An inner product ( , ) is a function V × V → IR with the following
properties
1. ∀ u ∈ V , (u, u) ≥ 0, and (u, u) = 0 ⇔ u = 0;
2. ∀ u, v ∈ V , holds (u, v) = (v, u);
3. ∀ u, v, w ∈ V , and ∀ a, b ∈ IR holds
(au + bv, w) = a(u, w) + b(v, w).
------------
Your estimate meets above 1. How about 2. and 3. ?

EDIT
As pointed out in #3 for conjugate inner product
2. (u,v)=(v,u)*
 
Last edited:
anuttarasammyak said:
---------------
Definition (Inner product) Let V be a vector space over IR.

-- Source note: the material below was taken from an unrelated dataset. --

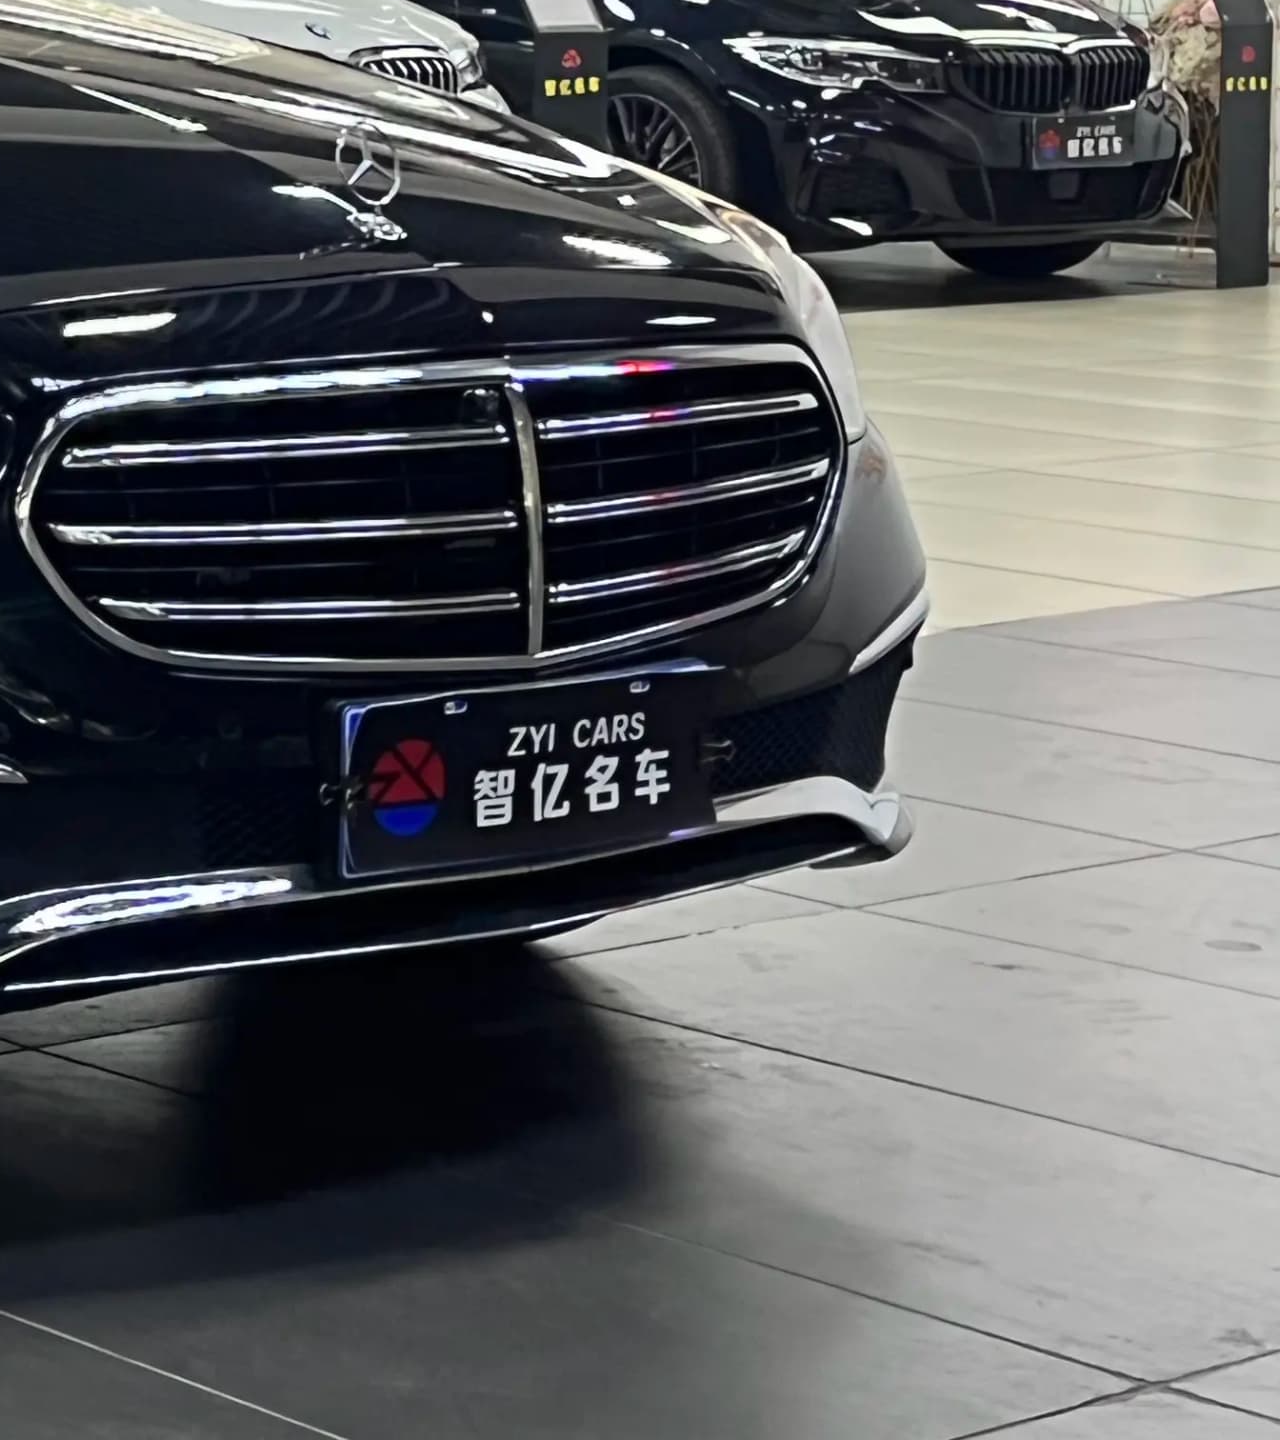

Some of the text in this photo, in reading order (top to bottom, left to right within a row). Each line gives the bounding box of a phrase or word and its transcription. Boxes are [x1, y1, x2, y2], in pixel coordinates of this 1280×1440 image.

[507, 712, 646, 757] ZYI CARS
[473, 747, 671, 828] 智亿名车

An inner product ( , ) is a function V × V → IR with the following
properties
1. ∀ u ∈ V , (u, u) ≥ 0, and (u, u) = 0 ⇔ u = 0;
2. ∀ u, v ∈ V , holds (u, v) = (v, u);
3. ∀ u, v, w ∈ V , and ∀ a, b ∈ IR holds
(au + bv, w) = a(u, w) + b(v, w).
------------
Your estimate meets above 1. How about 2. and 3. ?
We're dealing with a complex inner product here.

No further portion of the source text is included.